Let's display some rows from the string array to see if it;s loaded as expected.

darn::show_frame(&data, Some(&headers));
Id SepalLengthCm SepalWidthCm PetalLengthCm PetalWidthCm Species "1" "5.1" "3.5" "1.4" "0.2" "Iris-setosa" "2" "4.9" "3.0" "1.4" "0.2" "Iris-setosa" "3" "4.7" "3.2" "1.3" "0.2" "Iris-setosa" "4" "4.6" "3.1" "1.5" "0.2" "Iris-setosa" "5" "5.0" "3.6" "1.4" "0.2" "Iris-setosa" ... ... ... ... ... ... "146" "6.7" "3.0" "5.2" "2.3" "Iris-virginica" "147" "6.3" "2.5" "5.0" "1.9" "Iris-virginica" "148" "6.5" "3.0" "5.2" "2.0" "Iris-virginica" "149" "6.2" "3.4" "5.4" "2.3" "Iris-virginica" "150" "5.9" "3.0" "5.1" "1.8" "Iris-virginica"

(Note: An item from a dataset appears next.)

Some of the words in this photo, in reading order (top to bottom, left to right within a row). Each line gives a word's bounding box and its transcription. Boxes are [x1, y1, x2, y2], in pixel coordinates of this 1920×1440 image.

Without digging deeper, it looks like we have the correct number of columns and rows.

Raw Dataset Dimensions

Once the data is loaded we may want to determine the number of samples (rows) and features (columns) in our dataset. We can get this information using the shape() function.

&data.shape()
[150, 6]

We can see that it's returned an array, where the first element indicates the number of rows and the second element indicates the number of columns. If you have prior knowledge of the dataset then this may be a good indicator as to whether your dataset has loaded correctly. This information will be useful later when we're initialising a new array.

Deciding on Data Types

Our dataset is currently loaded into a homogeneous array of strings, ndarray::Array2<String>. This data type has allowed us to load all our data in from a CSV file without prior knowledge of the suitable data types. However, it now means that we cannot apply pertinent operations depending on the feature. For example, we aren't able to easily determine any central tendencies for the SepealLenghCm column, or convert our units from centimetres to something else. All we can do right now is operate on these values as strings.

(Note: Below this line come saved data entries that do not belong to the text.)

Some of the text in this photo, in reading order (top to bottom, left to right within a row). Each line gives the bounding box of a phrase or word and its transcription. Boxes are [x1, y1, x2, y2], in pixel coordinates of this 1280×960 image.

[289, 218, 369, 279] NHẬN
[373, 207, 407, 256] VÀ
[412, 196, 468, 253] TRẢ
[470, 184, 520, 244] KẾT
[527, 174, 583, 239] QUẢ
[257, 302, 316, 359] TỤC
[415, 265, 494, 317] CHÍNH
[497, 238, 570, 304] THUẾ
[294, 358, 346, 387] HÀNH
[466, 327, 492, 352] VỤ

Let's see what happens if we try to operate on the data in its current form, e.g. if we want to find the mean average value of each column.

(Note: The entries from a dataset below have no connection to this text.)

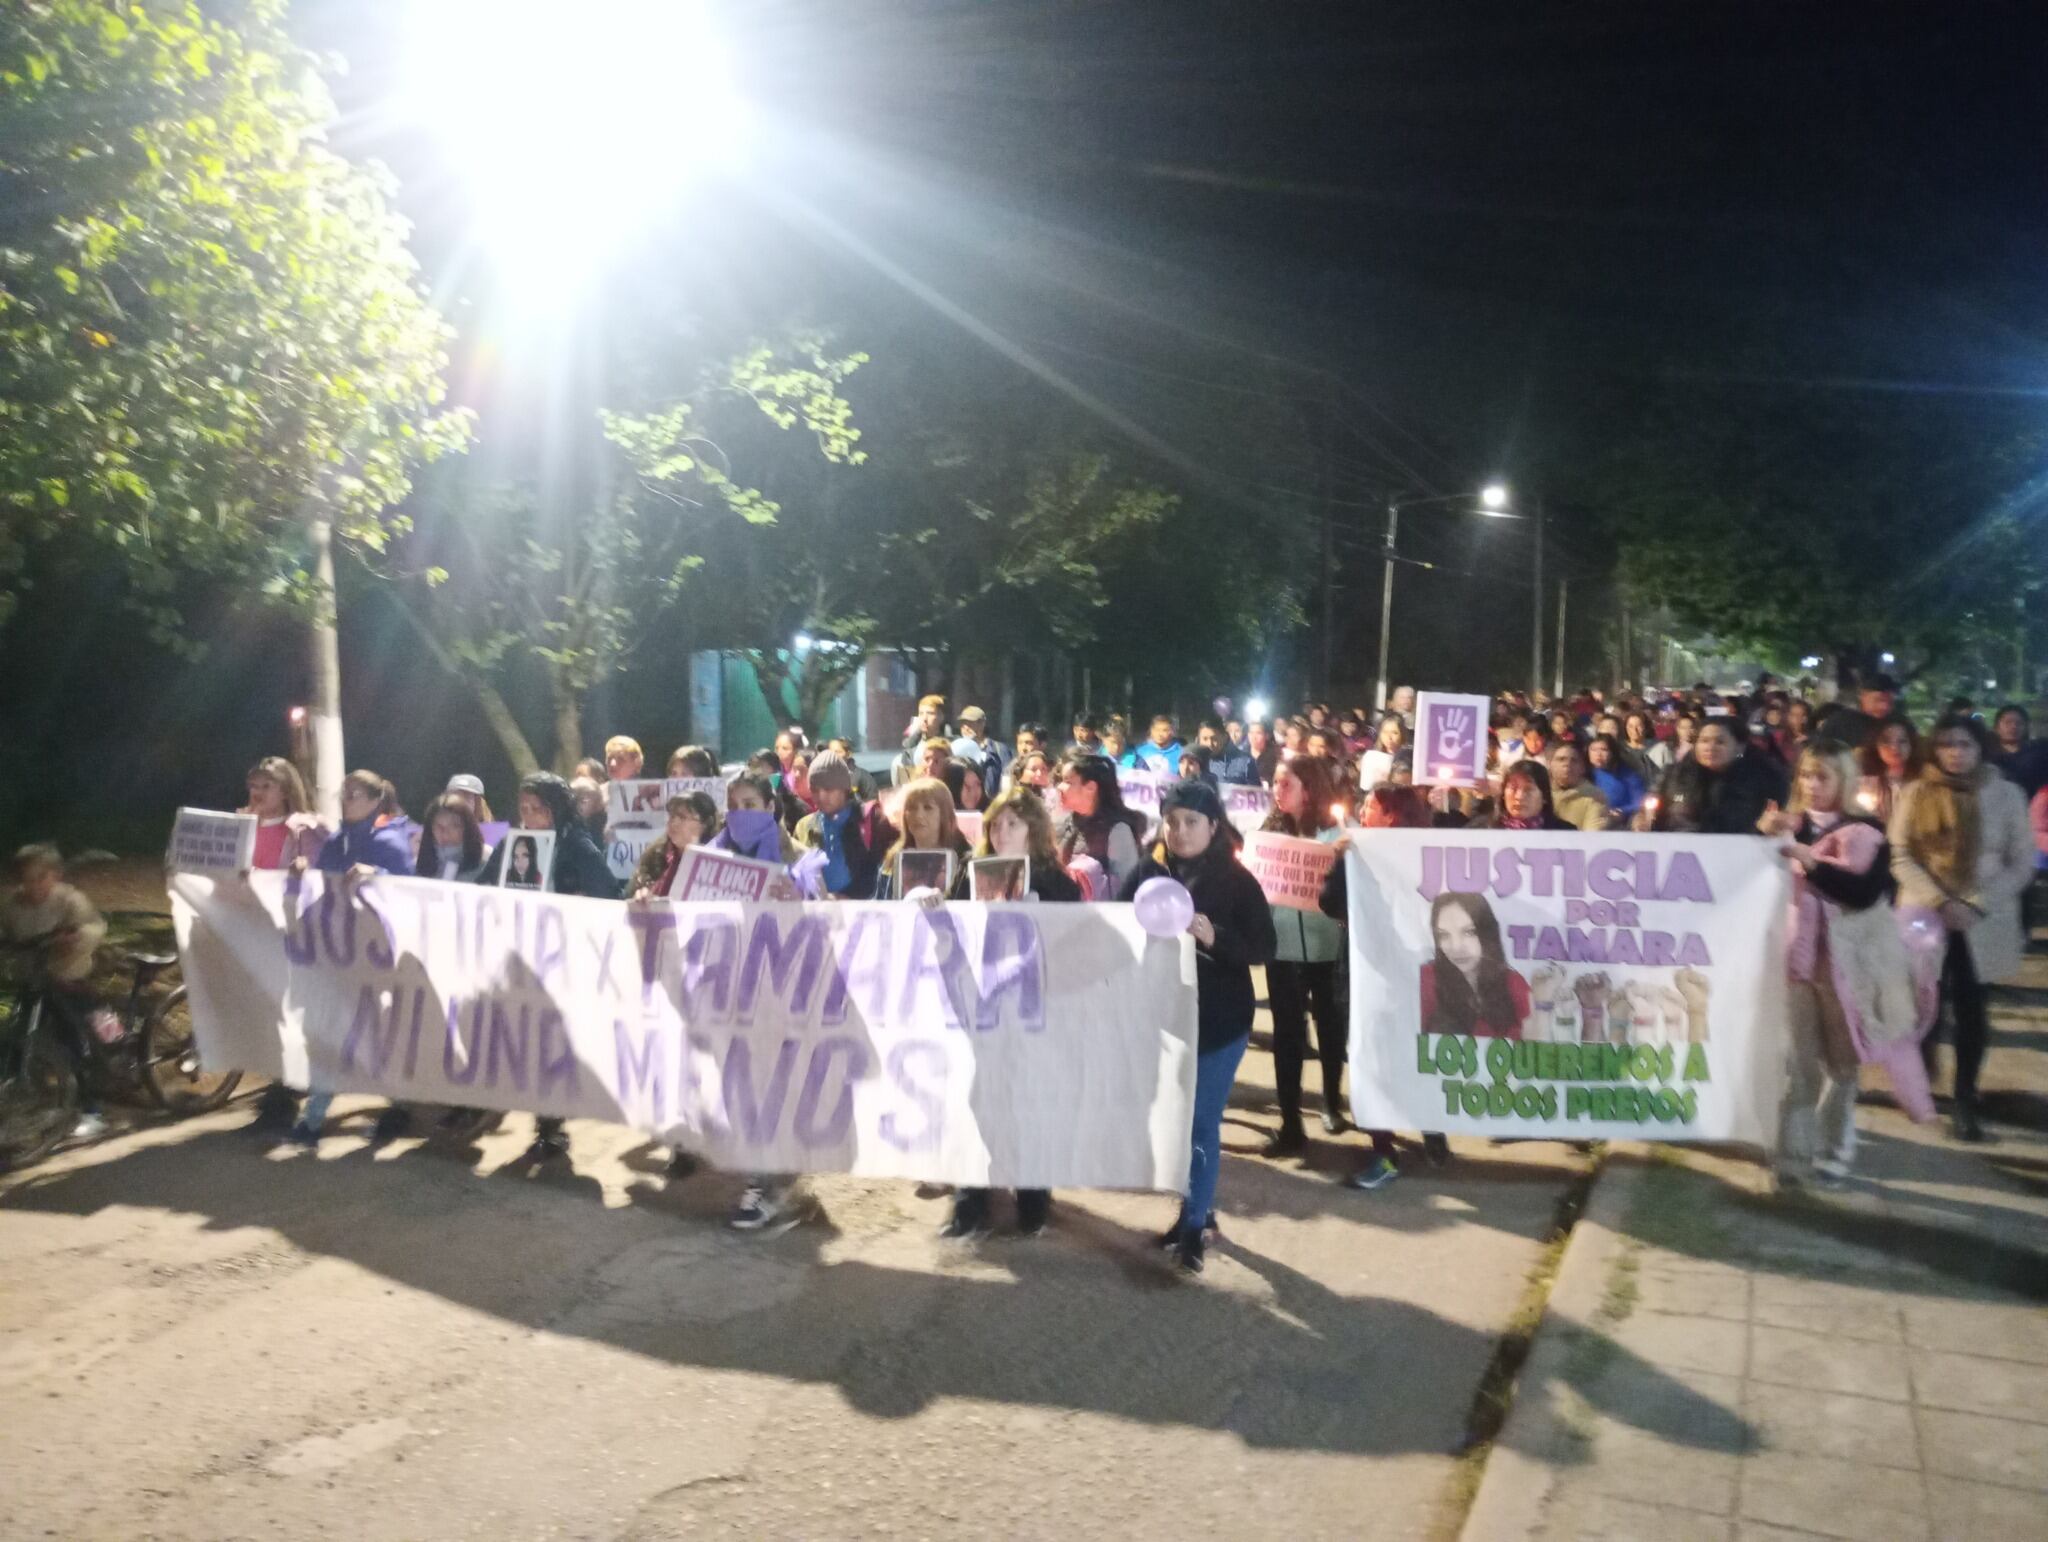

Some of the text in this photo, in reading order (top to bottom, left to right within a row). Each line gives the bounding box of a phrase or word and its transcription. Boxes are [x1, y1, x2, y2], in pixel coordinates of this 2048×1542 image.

[695, 859, 760, 896] NI UNA
[1283, 866, 1301, 881] QUE
[1303, 870, 1315, 884] YA
[1290, 849, 1301, 864] EL
[1417, 846, 1715, 904] JUSTICIA
[1565, 898, 1642, 928] POR
[284, 872, 572, 984] JUSTICIA
[622, 908, 1046, 1033] TAMARA
[1507, 924, 1713, 967] TAMARA
[340, 984, 426, 1082] NI
[441, 994, 583, 1101] UNA
[1416, 1033, 1711, 1085] LOS QUEREMOS A
[1442, 1080, 1699, 1125] TODOS PRESOS

data.mean_axis(Axis(0)).unwrap()
data.mean_axis(Axis(0)).unwrap()
     ^^^^^^^^^ the trait `num_traits::identities::Zero` is not implemented for `std::string::String`
the trait bound `std::string::String: num_traits::identities::Zero` is not satisfied
data.mean_axis(Axis(0)).unwrap()
     ^^^^^^^^^ the trait `num_traits::cast::FromPrimitive` is not implemented for `std::string::String`
the trait bound `std::string::String: num_traits::cast::FromPrimitive` is not satisfied
data.mean_axis(Axis(0)).unwrap()
     ^^^^^^^^^ no implementation for `std::string::String / std::string::String`
cannot divide `std::string::String` by `std::string::String`

As expected, Rust is complaining about our data types. Let's look again at a summary of the dataset and make some decisions about our desired data types.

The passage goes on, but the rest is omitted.